ASSIGNED TASK ::
An exact transcription of all the records is required, minus the images.

DATA SUPPLIED ::
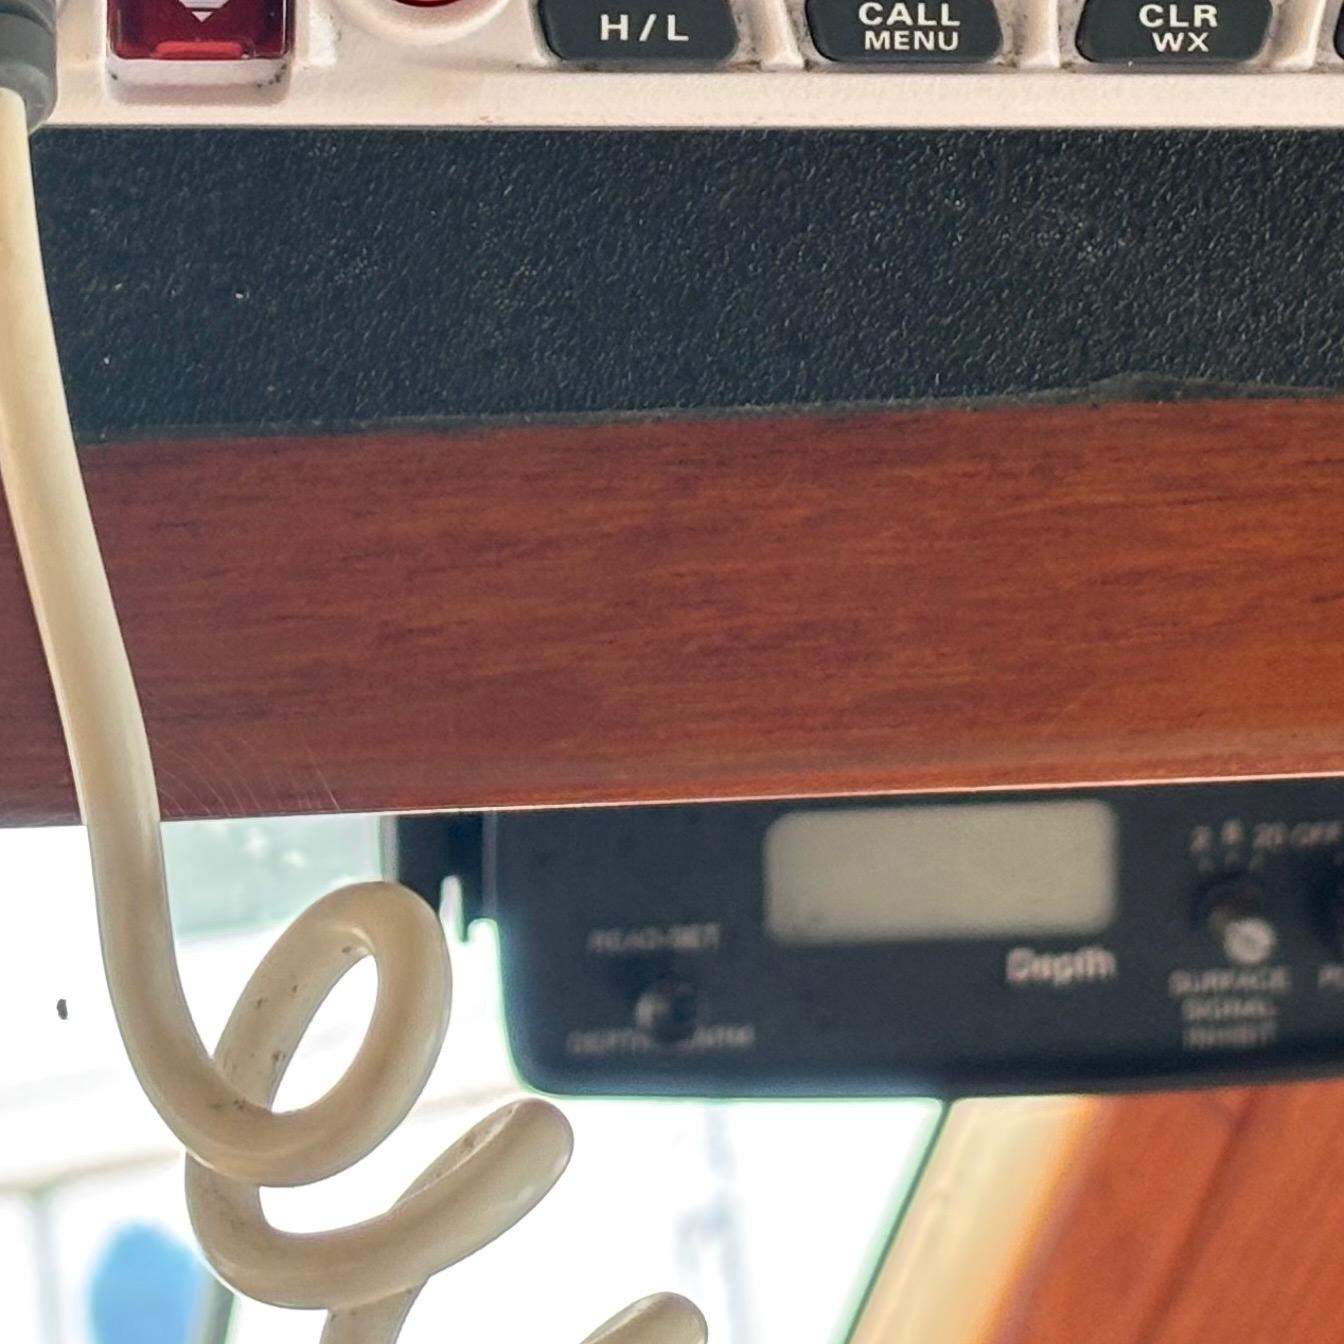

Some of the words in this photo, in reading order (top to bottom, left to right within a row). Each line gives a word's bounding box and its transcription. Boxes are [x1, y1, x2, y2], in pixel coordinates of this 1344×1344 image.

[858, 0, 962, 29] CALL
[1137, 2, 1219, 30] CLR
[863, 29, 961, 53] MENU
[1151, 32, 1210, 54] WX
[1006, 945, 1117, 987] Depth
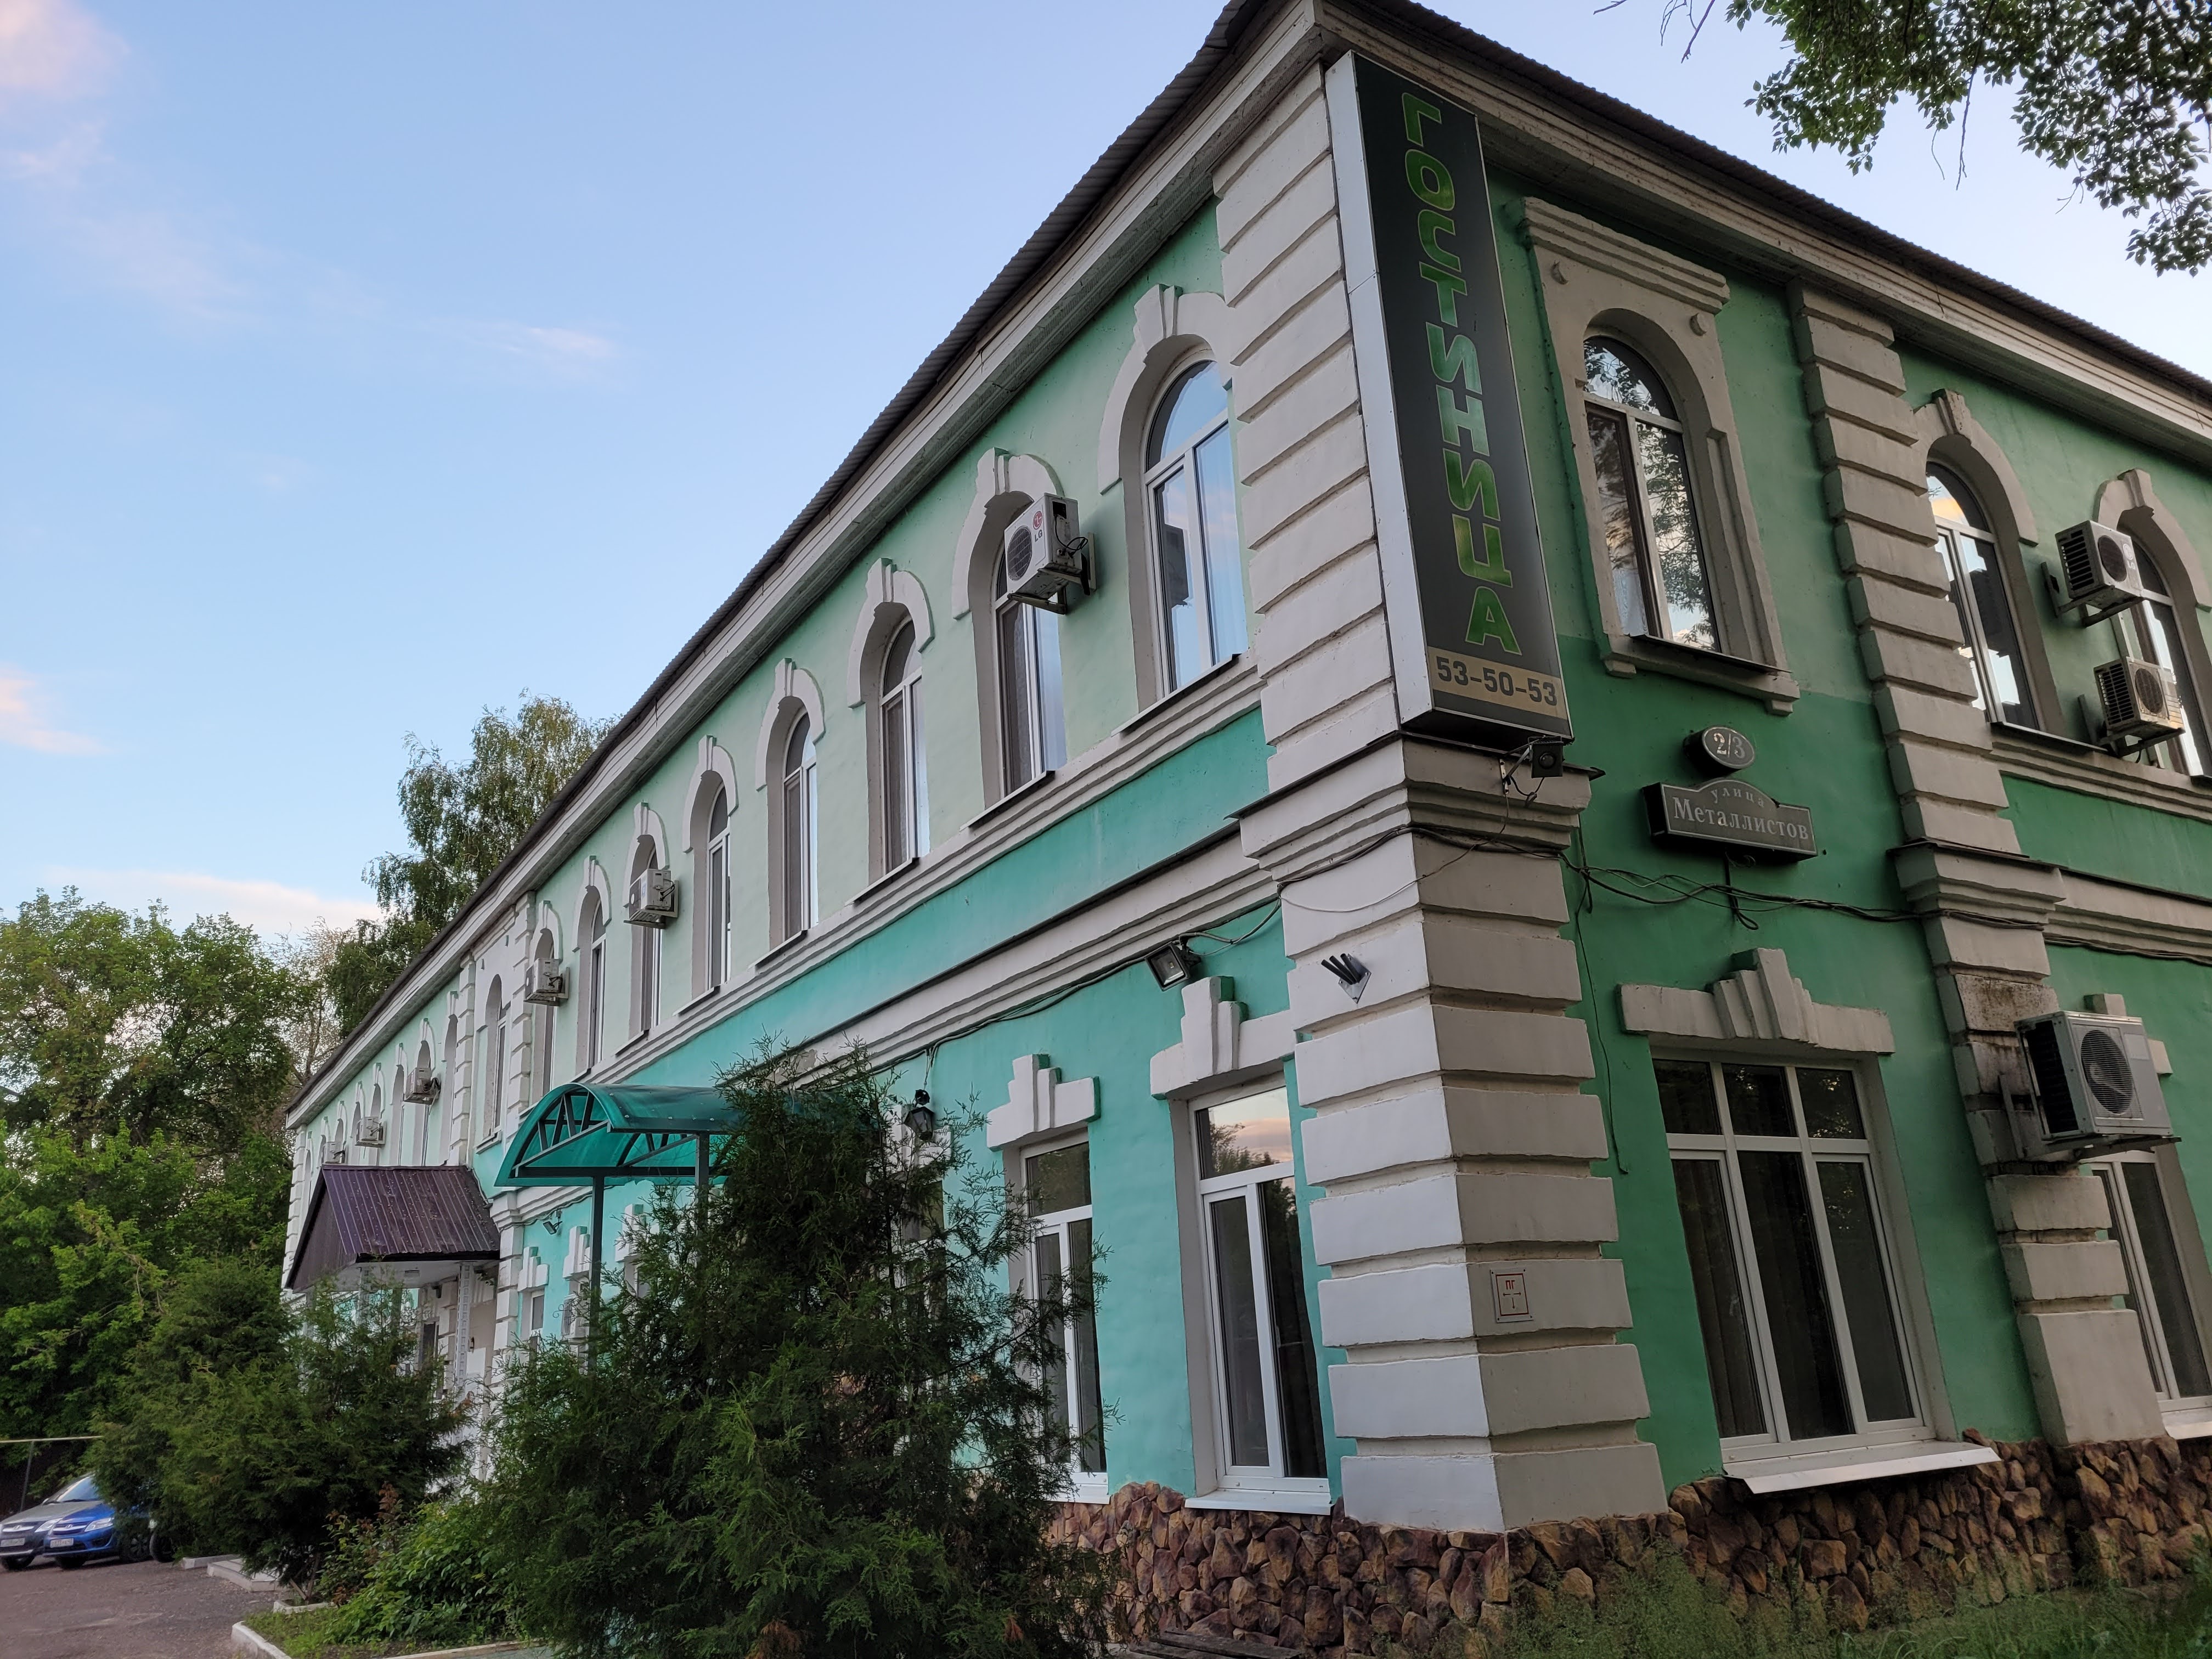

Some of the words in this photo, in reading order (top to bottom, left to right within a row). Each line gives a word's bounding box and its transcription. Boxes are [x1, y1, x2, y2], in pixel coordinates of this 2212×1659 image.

TASK RESULT ::
Some of the words in this photo, in reading order (top to bottom, left to right within a row). Each line gives a word's bounding box and its transcription. Boxes are [x1, y1, x2, y2], in pixel coordinates of this 1344×1344 image.

[858, 0, 962, 29] CALL
[1137, 2, 1219, 30] CLR
[863, 29, 961, 53] MENU
[1151, 32, 1210, 54] WX
[1006, 945, 1117, 987] Depth

Some of the words in this photo, in reading order (top to bottom, left to right within a row). Each line gives a word's bounding box and its transcription. Boxes are [x1, y1, x2, y2], in pixel coordinates of this 2212×1659 image.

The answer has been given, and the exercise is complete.